In looking over Tom's cell phone call logs, I have found much truth. It has been a cathartic process as well as enlightening, maddening and, most of all, sad.

Tom's cell phone records show that every month for the last eight (as far back as the online records go) Tom made an average of 140 calls a month to his girlfriend. She rarely called him, and when she did? It was always a minute after he'd called her. I've extrapolated that she didn't call him out of the blue because it might be awkward for him if I were there. So he always called her.

Since I keep a date book, that gave me some helpful information as well. When I was at girl's night out, for example. One two minute call to her just after I left. No more calls. That would be because they were together.

The few times I went to Florida with my cousin for three or four days? Hardly any calls. Because they were together. Same when I went to Michigan overnight. He made calls when he was out walking the dog, after I was asleep. Such a liar. I cannot believe I was deceived for so long.

When we got back together, Tom said, I won't ever contact her again. You can even have my phone if you want it. Now, of course, I read, "I now have a burner phone." He told me that I could do anything that would help me trust him again, including his wearing an ankle monitor. (Kidding, of course.)

But I took him up on his "anything" offer and put a GPS tracker on his car. I was gone for the day the first day I had it attached. My cousin and I went to Michigan.

I asked Tom if he had a nice day...if he watched the Iditerod live feed, etc. and then said, so I know you drove by her house today. He swore up and down. NOT TRUE. DID NOT. I swear! "Why do you think That???" "Women's intuition," I said.

When I told him Sue and I had driven by her house just before we came home, he was shocked. I thought it was because he didn't think I knew where she lived. What he was shocked about was that Sue dropped me off at 5:30. Anyhow, a little while later, he admitted he'd driven by.

When I checked the tracker later, it all became clear. it showed him driving by her house four times that day.
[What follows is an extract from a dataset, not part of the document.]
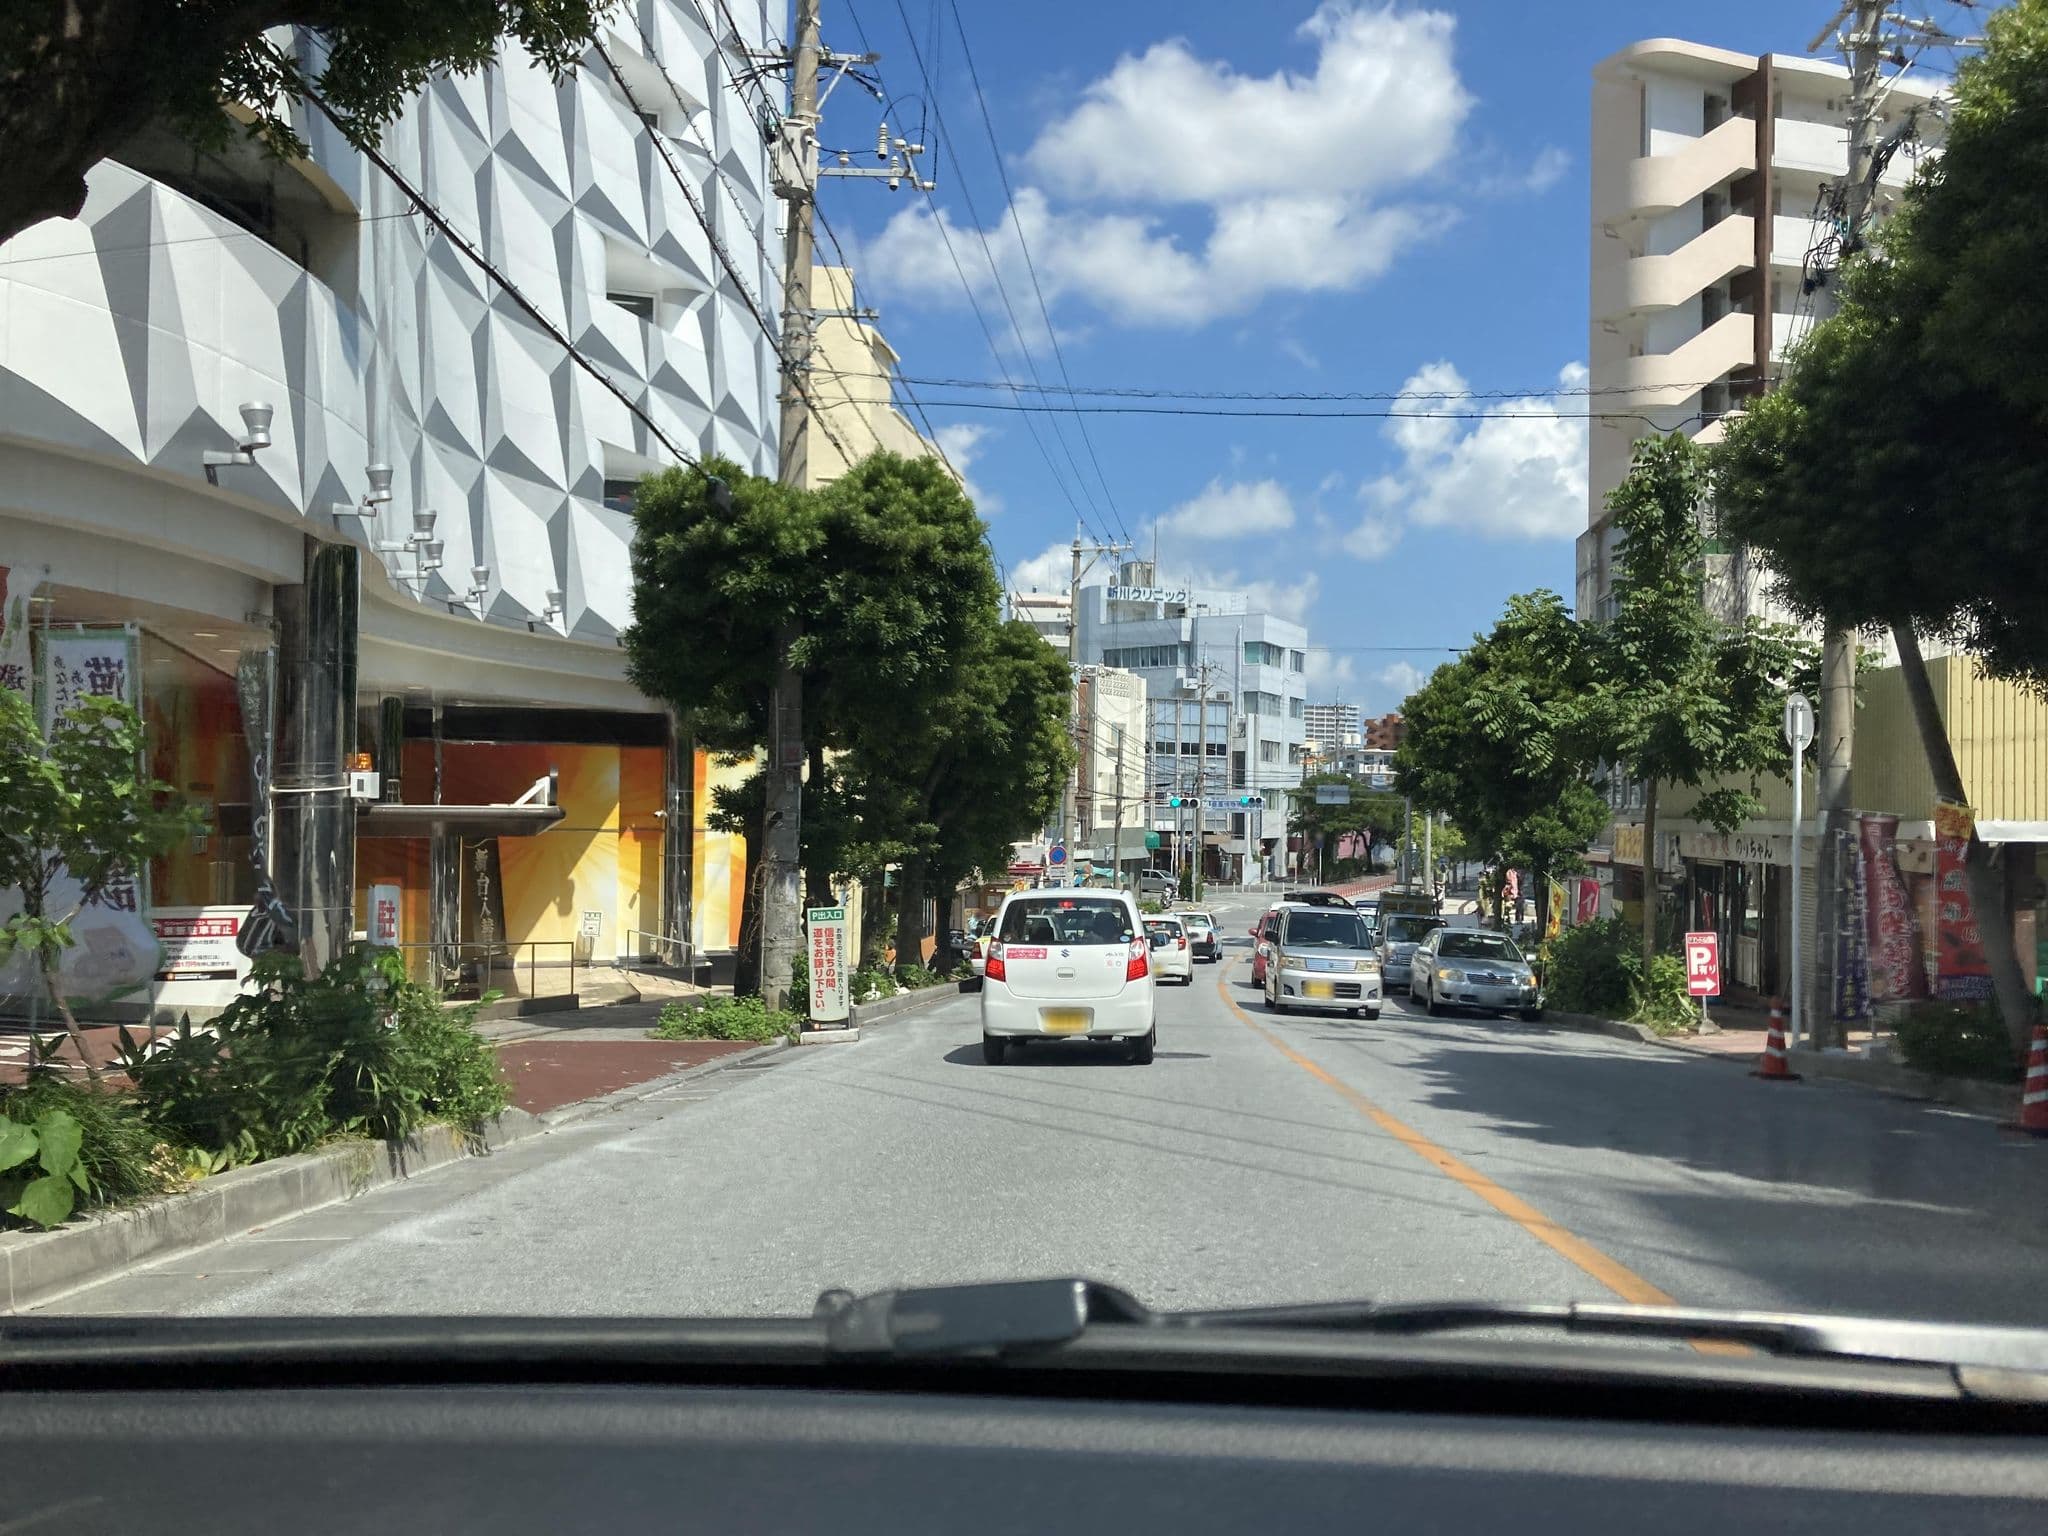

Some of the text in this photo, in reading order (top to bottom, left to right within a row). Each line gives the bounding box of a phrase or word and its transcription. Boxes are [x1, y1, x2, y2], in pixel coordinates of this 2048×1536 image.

[1107, 585, 1186, 602] 新川クリニック
[1735, 837, 1773, 860] のりちゃん
Never stopped, I assume he could tell she wasn't home. But quite obviously, it's not over. His last drive-by was at 5:20 PM just before we got home. He thought we'd seen him there. We hadn't.

I know those reading this think I've gone loony, but that is the life of a woman who's been cheated on and wants to forgive him. Everything becomes trust but verify.

i don't know what I'm going to do. I've spoken with an animal rescue group for rehoming my dog and three cats. I'm trying to give myself options as I start my final journey. I have another scan in two weeks to see if they will continue chemo. I had always thought Tom would be with me when I entered hospice. Eighteen years is a long time. But I doubt I'll want him here.

There is nothing much lower than betraying a dying woman. Why would I want him?

Oh, and for those who wonder, the GPS tracker cost $425. The online maps, live feed, reports, etc., etc. costs $30 a month.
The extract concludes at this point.